I downloaded the file and got it scanned with AVG Free, and NO virus or warnings was shown. Inside the zip file, instead of an image file, there was an executable file image26_photobucket.exe. Double clicked on the file but nothing turns up on the screen. On that point forward, I know I’ve just done something wrong.
My computer hanged for a while and MSN wasn’t responsive. The reason was that the file that I have just clicked triggered and installed a custom built service known as rndsvc.exe to open up threads to keep on sending the same Image26.zip to all of your friends in your contact list. I had to immediately disconnect from the internet to stop the file from being sent.

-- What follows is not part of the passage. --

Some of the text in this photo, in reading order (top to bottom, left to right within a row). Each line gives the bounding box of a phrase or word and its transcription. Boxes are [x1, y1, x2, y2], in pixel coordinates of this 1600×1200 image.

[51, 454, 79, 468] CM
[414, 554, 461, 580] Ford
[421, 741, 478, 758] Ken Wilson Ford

How you can delete the worm/virus
1. If you haven’t, disconnect from the internet
2. Press CTRL+ALT+DEL and shut down the service rndsvc
3. Goto C:\windows\system32\ and delete the filename rndsvc.exe
4. Never ever double click on any executable file (*.exe) received from unknown sources, especially those says that it’s an image file but then turned up as executables.

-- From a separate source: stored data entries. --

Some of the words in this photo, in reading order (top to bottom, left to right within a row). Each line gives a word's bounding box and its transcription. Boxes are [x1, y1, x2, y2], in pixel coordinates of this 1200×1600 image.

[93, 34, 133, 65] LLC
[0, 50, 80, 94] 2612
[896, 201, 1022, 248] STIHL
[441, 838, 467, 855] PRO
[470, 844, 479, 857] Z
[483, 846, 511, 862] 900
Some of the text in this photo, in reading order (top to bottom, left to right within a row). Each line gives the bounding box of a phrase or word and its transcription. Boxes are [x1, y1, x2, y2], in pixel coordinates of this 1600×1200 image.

* Just a bit surprised why AVG Free didn’t pick up it as a worm/trojan when i scan the file. Anyway, it wasn’t quite a problem as I know what I was dealing with.

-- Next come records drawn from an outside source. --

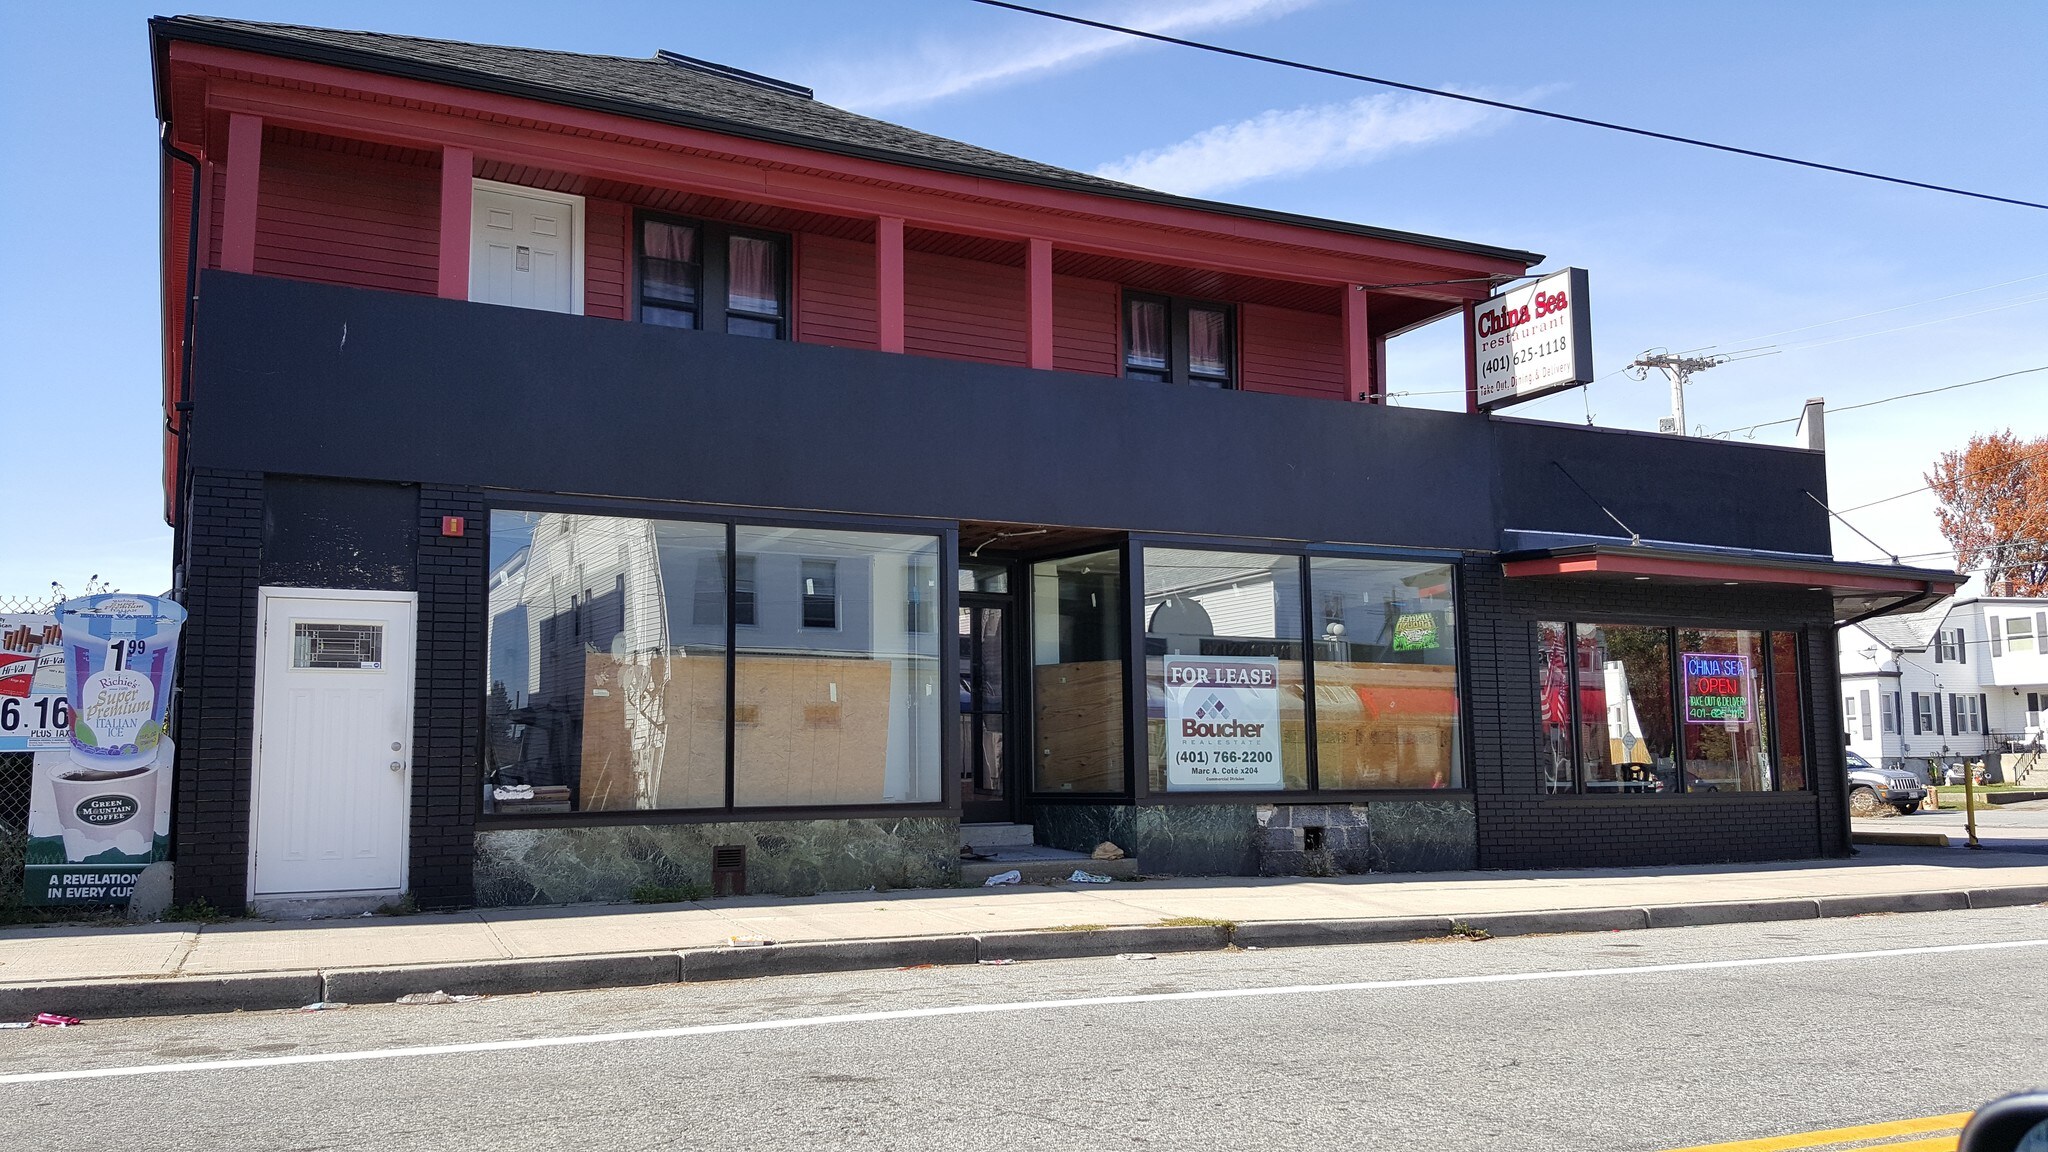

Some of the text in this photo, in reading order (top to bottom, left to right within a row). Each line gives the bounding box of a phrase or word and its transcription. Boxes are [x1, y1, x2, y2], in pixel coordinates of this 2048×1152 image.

[1478, 290, 1568, 339] China Sea
[1482, 315, 1565, 352] restaurant
[1482, 336, 1567, 379] (401) 625-1118
[1480, 383, 1494, 397] Take
[1542, 361, 1571, 378] Delivery
[128, 640, 146, 655] 99
[2, 664, 27, 676] Hi-Val
[1688, 659, 1745, 676] CHINA SEA
[98, 675, 138, 689] Richie's
[1171, 667, 1273, 686] FOR LEASE
[1698, 677, 1738, 694] OPEN
[97, 689, 139, 707] Super
[1689, 696, 1703, 706] TAKE
[1704, 696, 1716, 706] OUT
[1722, 696, 1747, 707] DELIVERY
[1, 696, 68, 732] 6.16
[86, 700, 151, 722] Premium
[95, 718, 138, 729] ITALIAN
[1182, 718, 1265, 738] Boucher
[31, 729, 70, 738] PLUS TAX
[107, 728, 124, 737] ICE
[1175, 751, 1273, 766] (401) 766-2200
[1191, 766, 1258, 775] Marc A. Coté x204
[82, 805, 131, 815] MOUNTAIN
[91, 799, 122, 808] GREEN
[89, 812, 125, 822] COFFEE
[49, 873, 140, 885] A REVELATION
[47, 886, 134, 899] IN EVERY CUP

Updated (November 11 2007)
Just checked my registry and saw that the worm/trojan was one of the process/services that was set to be run automatically each time windows is started up. You can delete it by:
1. Start Menu -> Run -> type in Regedit -> OK
2. Expand HKEY_LOCAL_MACHINE -> SOFTWARE ->Microsoft -> Windows -> CurrentVersion -> Run
3. On the right side window, you will see an entry with Name=Application Process and Data=rndsvc.exe (that’s the worm/trojan!)
4. Right click on that entry, and DELETE it once and for all!
5. Grab a beer and celebrate your achievement 🙂
* Previously brfore the update, you could have just deleted it from \windows\system32 and it will disinfect the worm/trojan. Since it has nothing to run during startup, the entry in the registry won’t do any harm anyway. Clearing that entry from the registry is more of like a final cleanup.
mob1900 says
And if it got worse, use this:
http://www.arswp.com
So far it was the only Anti-virus which really detects and remove the above variant trojan/worm.
Me suspects, they’re the ones that made the trojan in the first place.
😉
admin says
since the link given by mob1900 is in chinese, a direct download link would be: this
I haven’t test it, so use at your own risk.
liam says
Cheers
Guillermo Gilverto says
Hi i would like it if you could send the rndsvc.exe file to my email. I am conducting an experiment on how to delete, remove, or heal files with viruses, worms, trojans, ect. I find the easiest ways to do this through my experiments. I would really appreciate it. thank you
computer says
Wow, that’s what I was looking for, what a information! existing here at this webpage, thanks admin of this web site.